Alright, time to get the last bit of Tolkien mania out of my system till next year. Before TT came out, I had been trying to understand the character of Aragorn as portrayed in the first film, the better to appreciate whatever arc the screenwriters were trying to draw for him. I concluded that whereas in the book Aragorn’s character is already formed before the story starts, the filmmakers thought it necessary to saddle him with serious doubts about his two main goals in life: the girl and the throne. So the question is: are these doubts--or possible solutions to them--developed in Two Towers? And how?

As for the first of the two, the answer is definitely yes. Lot o' doubtin' goin' on. In fact, the doubt finally spreads to Arwen herself, or rather is implanted there by Agent Elrond just the same way he did that bug in Neo’s abdomen. He’d first done a similar job on Aragorn, and we now learn that apparently after the love scene in Rivendell where she gave him the evenstar, there was another one in which he tried to give it back. A break up of sorts, though like the noble jilted suitor that she is, Arwen told him to keep the ring. This gives retroactive meaning to the look that passes between them in Fellowship just before the nine set out, and meshes with his conversation with Galadriel in which he tells her he wants Arwen to take the ship to Valinor.

It helps to understand what the issue is here. In the books, it is explained that Elrond’s family is half-elf. Which is kind of like having dual citizenship--at some point you have to choose which country you want to hold your passport from. Elrond chose elfhood, and he’s eventually taking the ship back to Valinor, which is a very exclusive retirement home run by the Valar and strictly elves-only. (For all this talk about racism in Tolkien, how come nobody notices that it’s mainly practiced by elves against humans?
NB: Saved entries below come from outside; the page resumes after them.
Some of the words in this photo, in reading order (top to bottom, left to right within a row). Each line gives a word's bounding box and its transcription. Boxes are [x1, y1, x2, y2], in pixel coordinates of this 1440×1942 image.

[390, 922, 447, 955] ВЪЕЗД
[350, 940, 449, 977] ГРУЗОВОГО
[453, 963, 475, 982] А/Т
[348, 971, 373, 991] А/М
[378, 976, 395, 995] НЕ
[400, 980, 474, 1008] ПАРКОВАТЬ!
Except Garrett, of course.) Elrond’s brother Elros, on the other hand, chose to become a human and founded the line of kings from which Aragorn is descended. (If this all sounds vaguely incestuous, remember that Arwen is 2690 years older than Aragorn, which should take some of the curse off it. Anyway, you know how royal families are.) But the thing is, by choosing to be human they don’t really become just like other humans. It’s not like that de-Kryptonizer in Superman II. Ol’ uncle Elros lived another 500 years after he made his choice. So if Arwen chooses to stay with Aragorn and become mortal, she won’t even get to do the whole romantic grow-old-along-with-me-and-eventually-we’ll-be-two-trembling-prunes-sucking-face-on-Golden-Pond-together routine. She’ll age and die, but not much faster than the lettering on Aragorn’s sarcophagus will be done in by erosion. This is why Aragorn’s initial “better to have loved and lost” line doesn’t hold a whole lot of weight for Elrond. The “loved” part will last about a hundred years (Numenoreans are pretty resilient for humans), followed by another four hundred of “lost.” And let us now pause amid the glibness to admire the truly haunting and poignant scene in the film that illustrates this point. Done? Alright, now I can mention the two Questions We’re Not Supposed To Ask.
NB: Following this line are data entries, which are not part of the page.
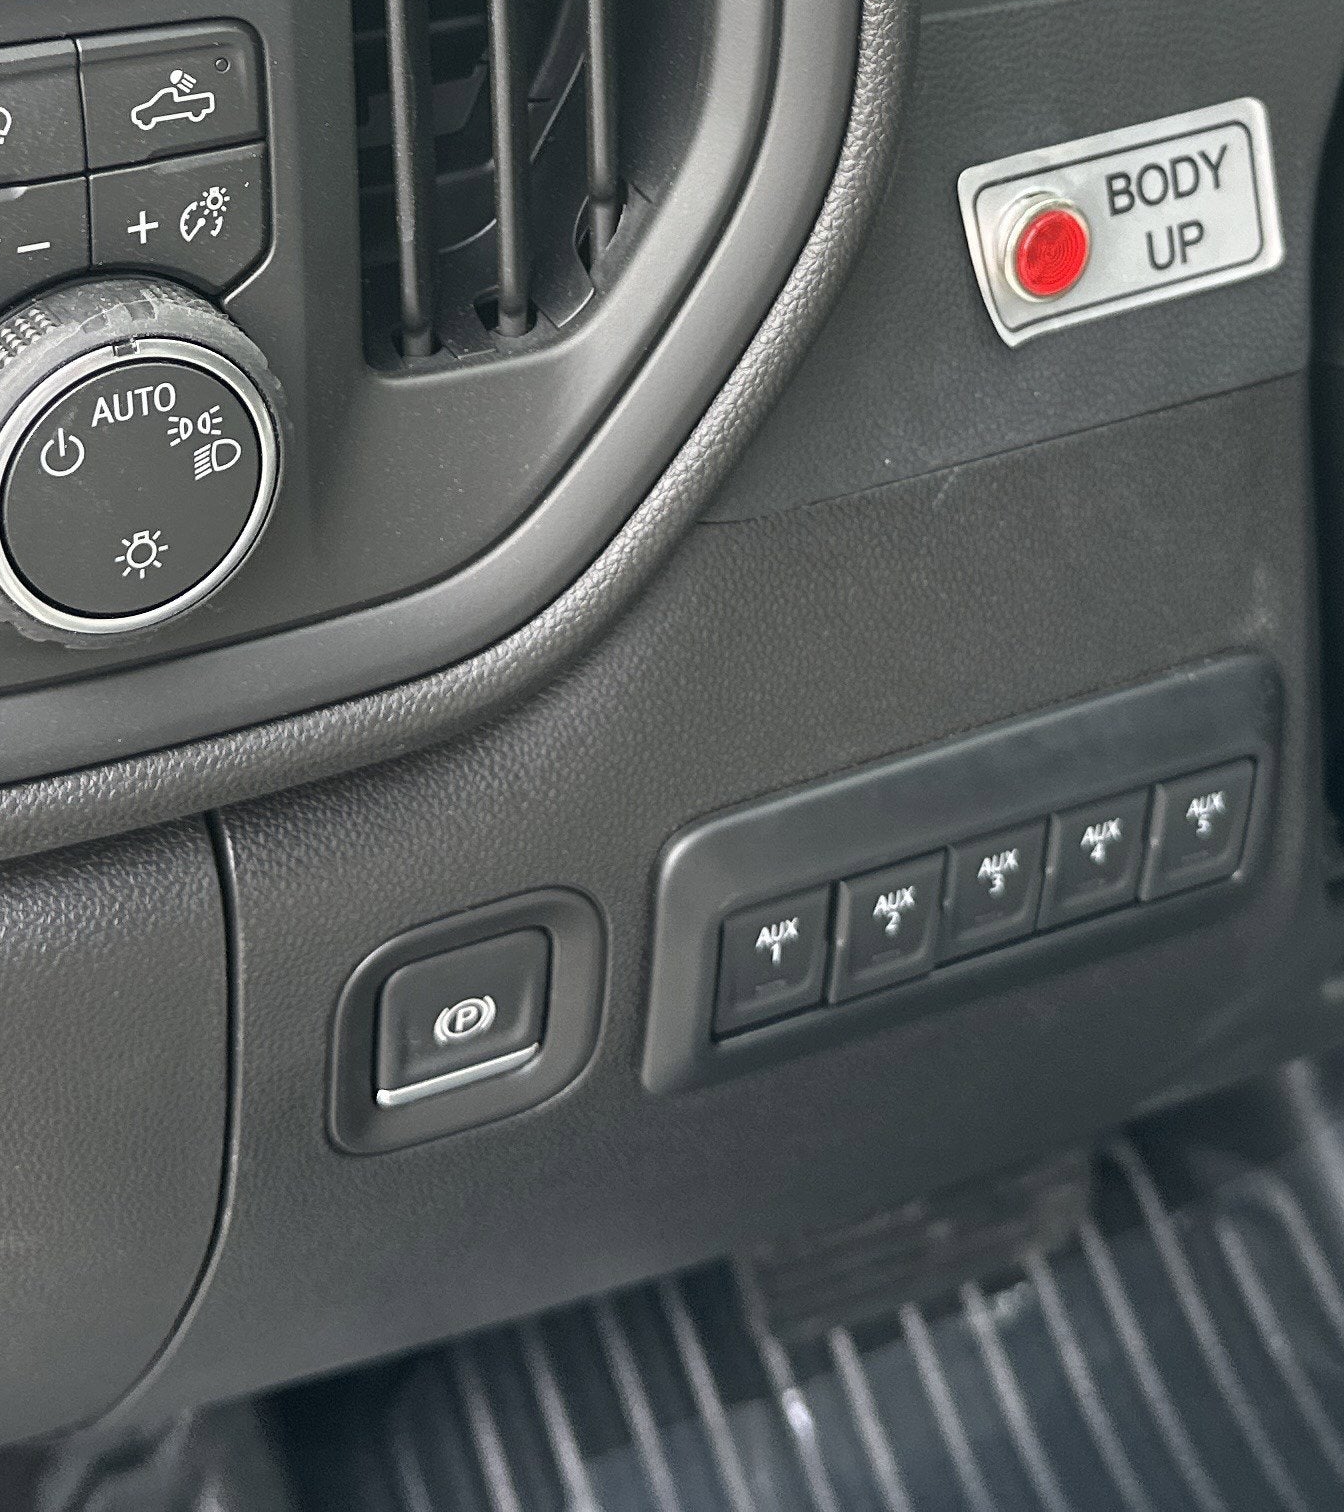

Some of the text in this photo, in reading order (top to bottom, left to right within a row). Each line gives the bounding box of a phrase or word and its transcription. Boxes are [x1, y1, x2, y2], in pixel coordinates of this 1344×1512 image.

[1105, 144, 1228, 217] BODY
[1145, 219, 1205, 271] UP
[90, 381, 177, 428] AUTO
[1185, 790, 1228, 821] AUX
[1080, 817, 1122, 849] AUX
[1194, 813, 1212, 837] 5
[977, 848, 1019, 881] AUX
[1090, 841, 1107, 866] 4
[988, 872, 1005, 897] 3
[872, 885, 915, 920] AUX
[756, 916, 798, 951] AUX
[884, 910, 902, 936] 2
[770, 943, 782, 964] 1
1) Why does Arwen have to become human to stay with Aragorn? Why not remain elf, stick around with hubby till he croaks, then hitch a ride with Legolas to Valinor and spend etermity dwelling in bliss with the relatives? Obviously it’s not a mating issue, else there wouldn’t be half-elves in the first place.
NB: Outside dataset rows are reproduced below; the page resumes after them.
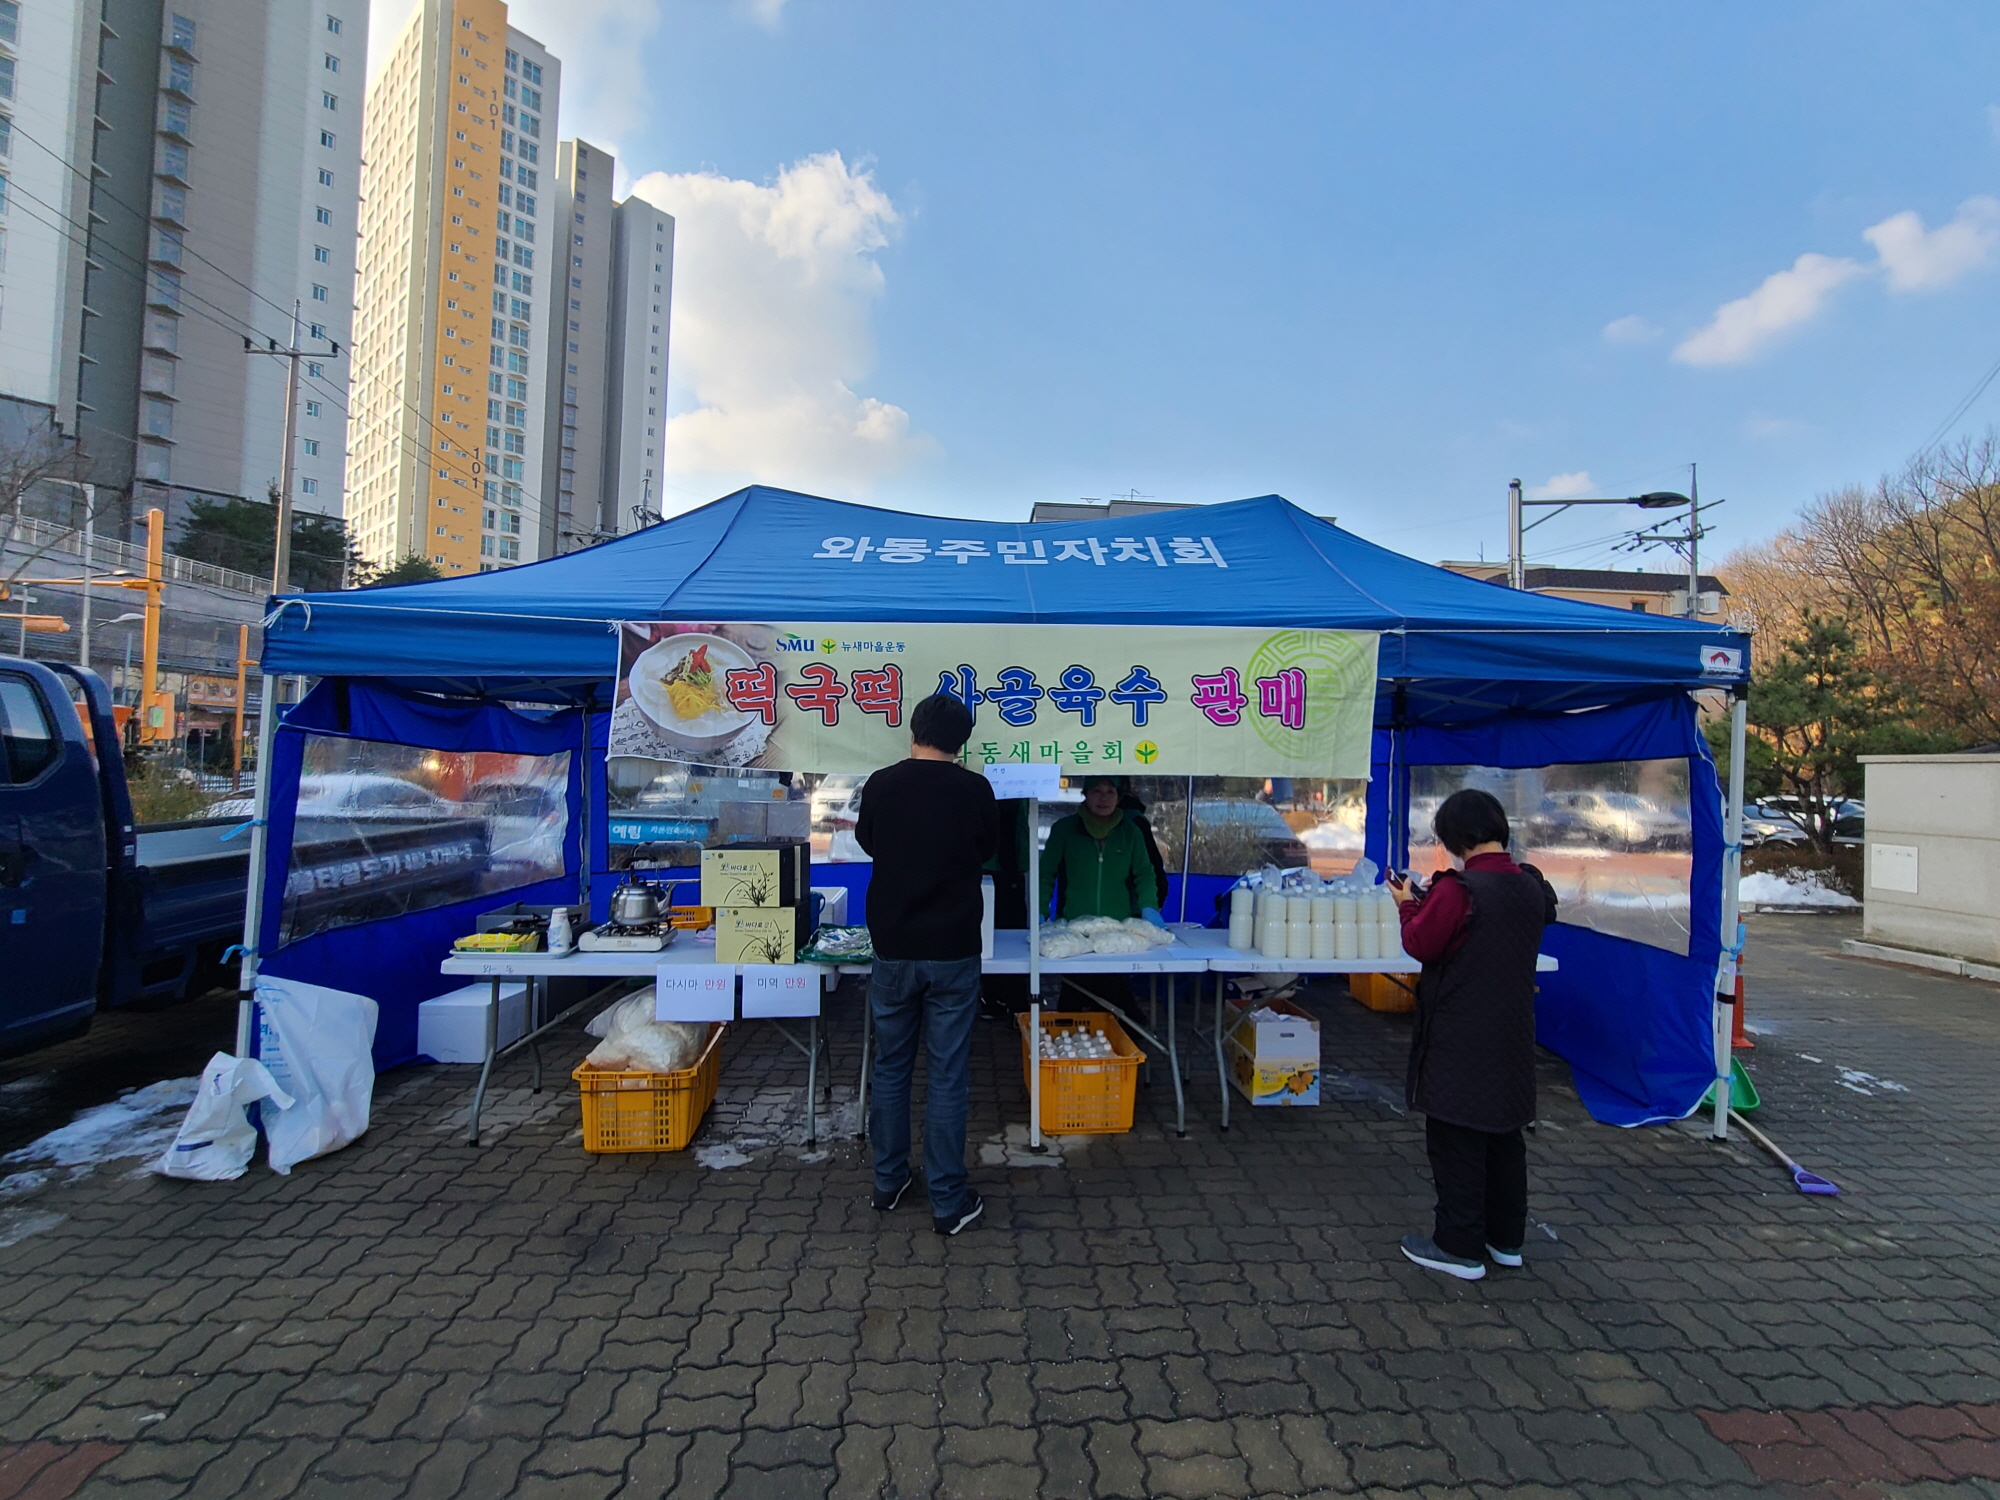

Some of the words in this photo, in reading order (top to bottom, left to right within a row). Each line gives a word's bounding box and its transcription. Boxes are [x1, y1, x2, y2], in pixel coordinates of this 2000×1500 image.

[489, 89, 499, 131] 101
[471, 447, 481, 489] 101
[813, 536, 1228, 568] 와동주민자치회
[776, 637, 815, 652] SMU
[841, 641, 906, 653] 뉴새마을운동
[725, 662, 903, 727] 떡국떡
[935, 664, 1168, 727] 사골육수
[1191, 666, 1307, 730] 판매
[665, 978, 698, 991] 다시마
[704, 979, 726, 990] 만원
[757, 977, 780, 989] 미역
[785, 976, 807, 989] 만원
2) If she does have to assume a mortal coil, why couldn’t she just pull a Juliet and arrange some suitable way to shuffle it off at the same time as her love? If she really misses him that much, I mean. Is it that elves just don’t do this sort of thing? It’s not EC?

I don’t know the answers to those questions, and I suspect Tolkien didn’t either. If someone else does, please let me know. The best one I've thought of is that while she might do either of those things, it would mean abandoning her children and children’s children. I mean, I presume they intend to have children. Otherwise why go to all this trouble of restoring a bloodline to power? But if that’s the case, it was pretty underhanded of Elrond to conjure this image of her alone for centuries rather than a proud (and amazingly well-preserved) great great great grandmother of kings.

Anyway, we’ll take the premises we’re given and run with them. In the film, Aragorn wants Arwen to take the ticket to ride, because Elrond has brought home to him that she’s in for four hundred years of mourning if she sticks around with him, and he can’t bear to let her inflict that on herself. So he tries to break up with her. After the fellowship is gone, she apparently continues to hold onto the idea that things will work out until Elrond finally gets to her with that two-pronged attack all long-distance lovers have to suffer through: “He’s not coming back for you. And even if he is, do you know what you’re giving up by waiting?” (Oh yes, Paola heard a lot of that too.) Eventually she gives in, and we see her leaving Rivendell with one of those elven processions, ostensibly to waft her soft-focused way to the Gray Havens and catch the cruise to Valinor.

Meanwhile, in Rohan, Aragorn has met everyone’s favorite shieldmaiden. Is he interested in her? Is he thinking about it? On the surface he plays it pretty cool, pretty much like in the book. He’s courtly, but he doesn’t court her. He does do one thing though, that makes you wonder. On the road to Helm’s Deep, Eowyn asks him where the chick who gave him the necklace is. He says that she is leaving Middle Earth with her kin. How does he know? She hadn't made that decision when he left Rivendell. (In fact, if I'm following the chronology correctly, she still hasn't made it.) Last we heard, he was telling Galadriel that he "would have" her go to Valinor, and Galadriel said that choice was "still before her." So is this leap from "should go" to "is going" while talking to Eowyn Aragorn's moment of infidelity, his giving of voice to that part of him that would like to say "I'm available?"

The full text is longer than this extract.